Люк рухнул на стул; он нарочно приходил без пиджака и в войлочных тапочках, потому что знал: Трарье терпеть не может неряшливости.
— Послушай, — начал он, — что мы будем делать, если Ламбер нас бросит?
— Он нас не бросит, — живо отозвался Анри.
— Он стопроцентно за Воланжа, — возразил Люк. — Я уверен, что Самазелль для того и предложил эти статьи: чтобы вынудить Ламбера оставить нас в меньшинстве.
— Ламбер обещал мне свой голос, — сказал Анри. Люк вздохнул:
— Я все время спрашиваю себя: какую игру ведет этот щеголь? Я на его месте давно бы слинял.
— Думаю, в ближайшее время он уйдет, — согласился Анри, — но не станет выступать против меня. Я сдержал свои обязательства, он держит свои.
Анри взял за правило всегда защищать Ламбера от Люка, а Люка — от Ламбера; но факт оставался фактом: положение создалось двусмысленное; Ламбер не станет до бесконечности голосовать вопреки своим убеждениям.
— Тихо! Враг уже тут! — сказал Люк.
Трарье вошел первым, за ним — Самазелль и Ламбер с хмурым видом; никто не улыбался, кроме Люка. Он один забавлялся этой изматывающей войной, в которой никто еще пока не вымотался.
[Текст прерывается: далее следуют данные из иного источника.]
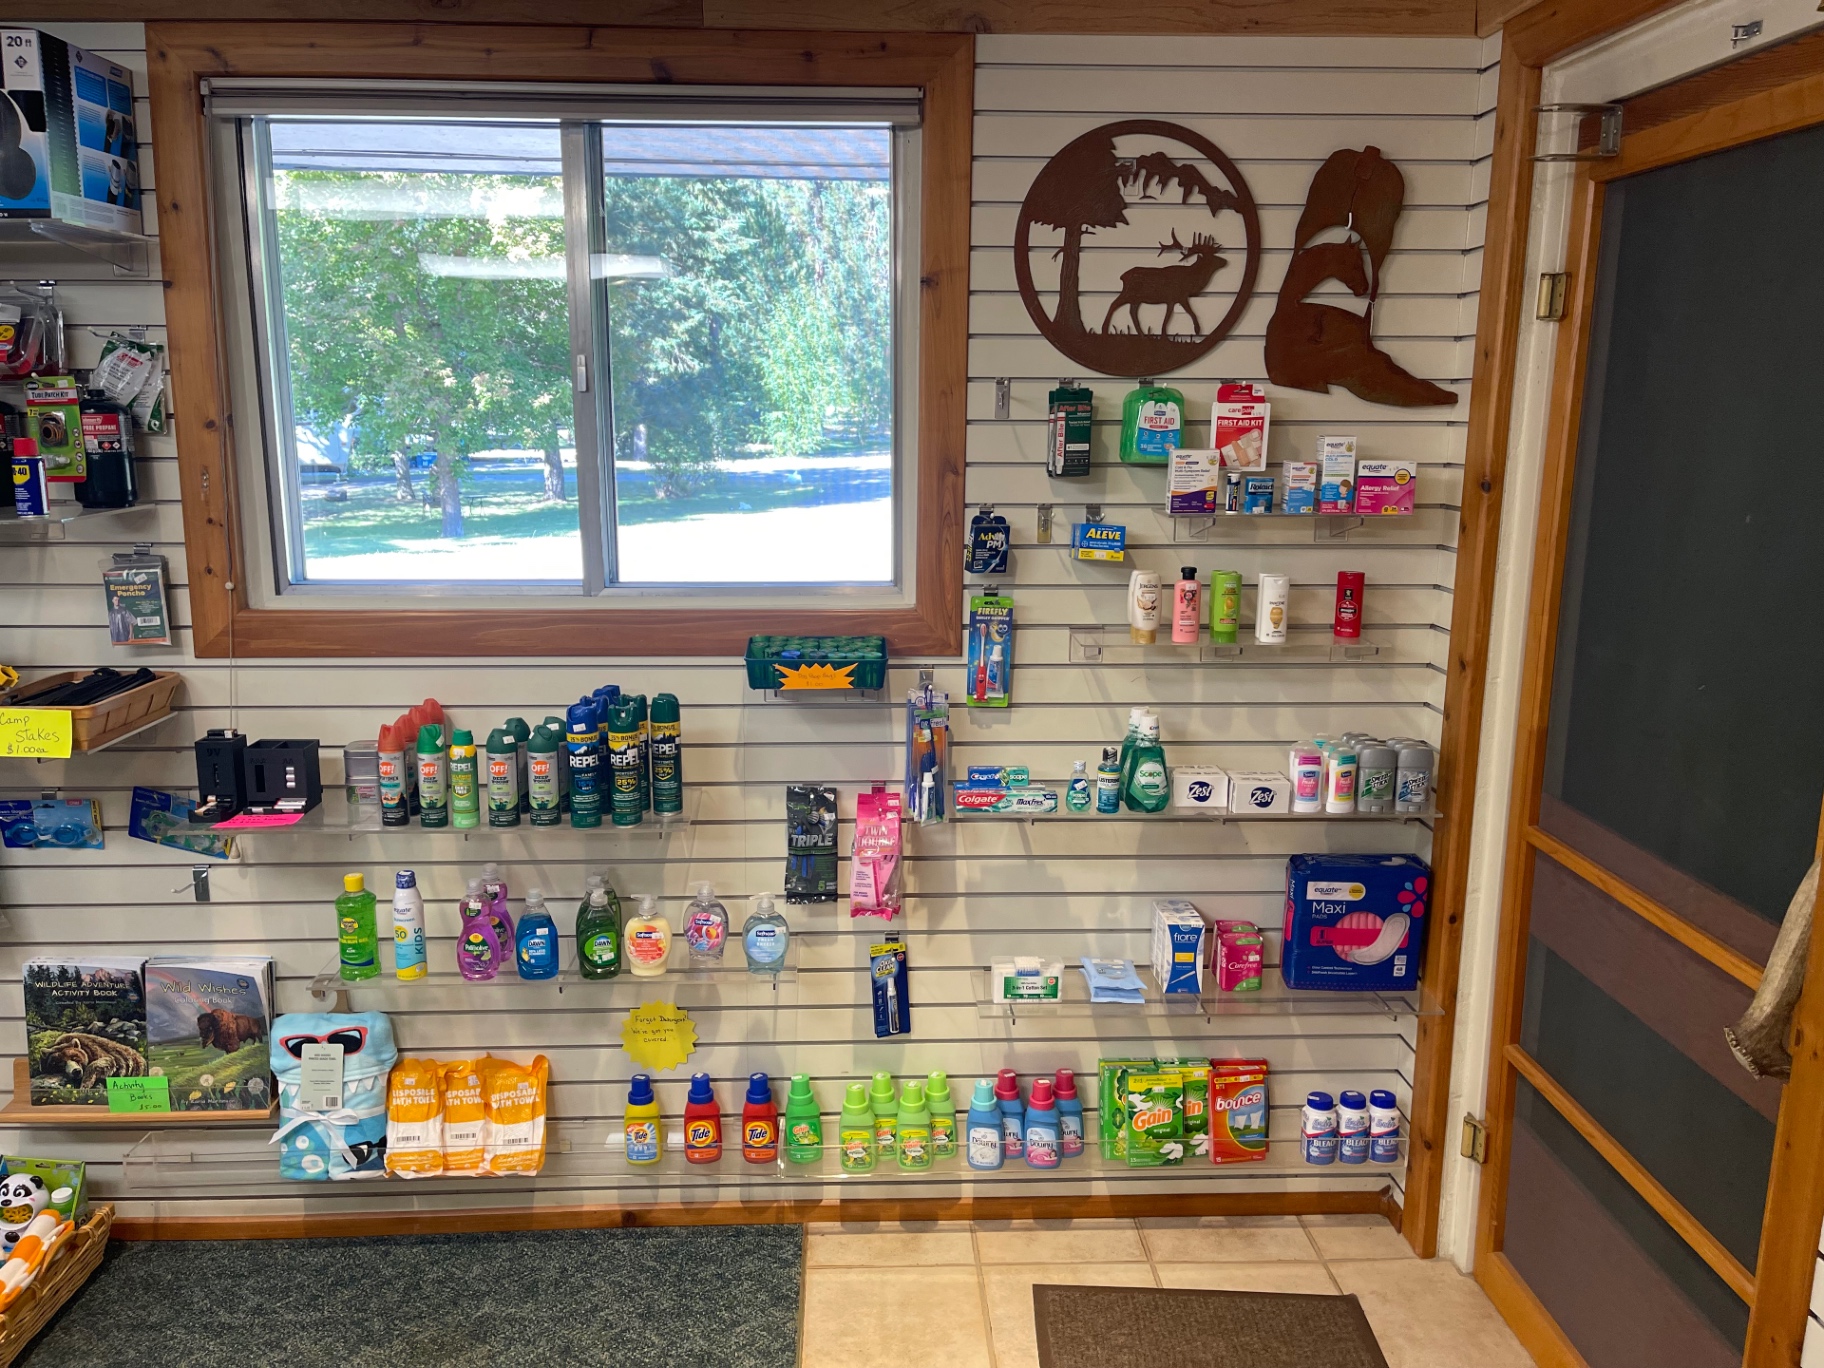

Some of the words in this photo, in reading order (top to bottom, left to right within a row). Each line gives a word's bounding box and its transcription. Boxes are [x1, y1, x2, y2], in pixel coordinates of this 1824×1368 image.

[6, 36, 23, 47] 20
[25, 38, 32, 47] ft
[1144, 416, 1162, 424] FIRST
[1164, 417, 1174, 425] AID
[1362, 464, 1387, 472] equate
[1085, 527, 1121, 540] ALEVE
[986, 540, 1001, 549] PM
[110, 584, 151, 592] Emergency
[977, 607, 1008, 615] FIREFLY
[0, 712, 30, 726] Camp
[16, 728, 60, 743] Stakes
[569, 754, 599, 768] REPEL
[610, 753, 639, 766] REPEL
[379, 764, 395, 774] OFF!
[420, 765, 438, 774] OFF!
[489, 764, 508, 773] OFF!
[532, 764, 550, 773] OFF!
[1139, 770, 1162, 780] Scope
[616, 778, 636, 786] 25%
[1188, 783, 1213, 800] Zest
[1250, 788, 1277, 805] Zest
[959, 795, 998, 804] Colgate
[864, 826, 889, 836] TWIN
[791, 833, 834, 847] TRIPLE
[818, 880, 826, 891] 5
[1314, 887, 1339, 895] equate
[1312, 901, 1346, 914] Maxi
[394, 930, 407, 939] 50
[1173, 933, 1197, 942] fiore
[413, 927, 424, 955] KIDS
[876, 964, 894, 973] CLEAN
[1228, 962, 1258, 970] Carefree
[81, 981, 130, 989] ADVENTURE
[160, 980, 191, 994] Wild
[198, 981, 247, 996] Wishes
[113, 1080, 145, 1093] Activity
[130, 1093, 153, 1102] Books
[1216, 1093, 1261, 1111] bounce
[1132, 1109, 1173, 1132] Gain
[690, 1127, 711, 1142] Tide
[748, 1127, 767, 1142] Tide
[793, 1125, 808, 1134] Gain
[633, 1130, 648, 1142] Tide
[972, 1136, 997, 1149] Downy
[1029, 1138, 1053, 1149] Downy
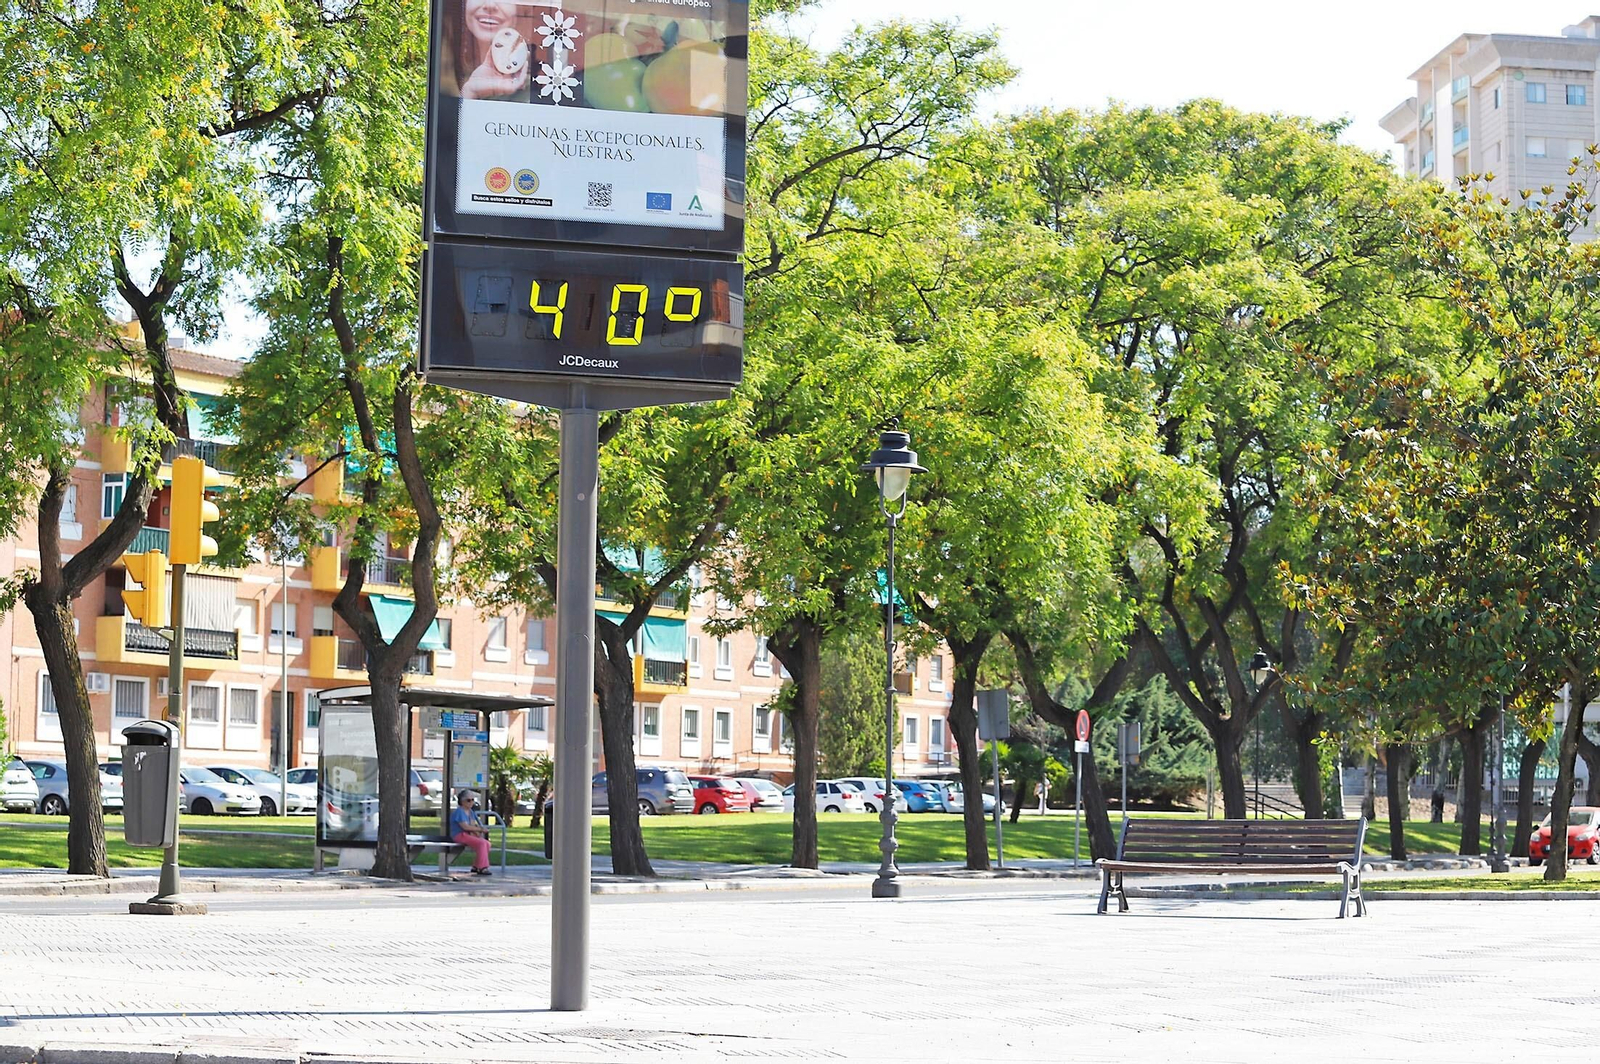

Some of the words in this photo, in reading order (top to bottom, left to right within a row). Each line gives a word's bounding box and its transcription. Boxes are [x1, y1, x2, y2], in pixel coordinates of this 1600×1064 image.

[484, 122, 570, 142] GENUINAS.
[576, 129, 704, 150] EXCEPCIONALES.
[552, 140, 636, 162] NUESTRAS.
[558, 354, 619, 369] JCDecaux
— Прежде чем приступить к обсуждению вопроса, ради которого мы собрались сегодня, я хотел бы обратиться к доброй воле каждого, — начал Трарье, устремив на Анри настойчивый взгляд. — Мы все привязаны к «Эспуар», — горячо продолжал он, — а между тем, из-за нашего несогласия, мы ведем газету к банкротству. В один день Самазелль говорит — белое, на следующий день Перрон говорит — черное: читатель теряется и покупает другую газету. Необходимо, чтобы мы немедленно, вопреки нашим разногласиям, установили общую платформу.
Анри покачал головой:
— Я в сотый раз повторяю, что не пойду ни на какие уступки, вам остается лишь одно: отказаться от нападок на меня. Я придерживаюсь той линии, какая всегда была свойственна «Эспуар».
— Эта линия устарела, ее осудило поражение СРЛ, — возразил Самазелль. — Сегодня и речи не может быть о том, чтобы сохранять нейтралитет перед лицом коммунистов, надо выступать решительно за или против. — Он неуверенно попытался использовать свой жизнерадостный смех: — Принимая во внимание то, как они обращаются с вами, меня удивляет, что вы упорствуете, продолжая щадить их.
— А меня удивляет, что люди, называвшие себя левыми, поддерживают партию капиталистов, военных и клерикалов, — заметил Анри.
— Давайте уточним, — сказал Самазелль. — Всю свою жизнь я боролся против милитаризма, против Церкви и против капитализма. Однако следует признать, что де Голль определенно не что иное, как просто военный, поддержка Церкви необходима сегодня для защиты ценностей, которыми дорожим мы сами; и голлизм может стать антикапиталистическим режимом, если возглавят его левые.
— Разумеешь то, чего желаешь, — отвечал Анри. — Но и только!
— Однако мне думается, что в ваших интересах найти с нами общий язык, — сказал Трарье. — Потому что в конце концов вы можете оказаться в меньшинстве.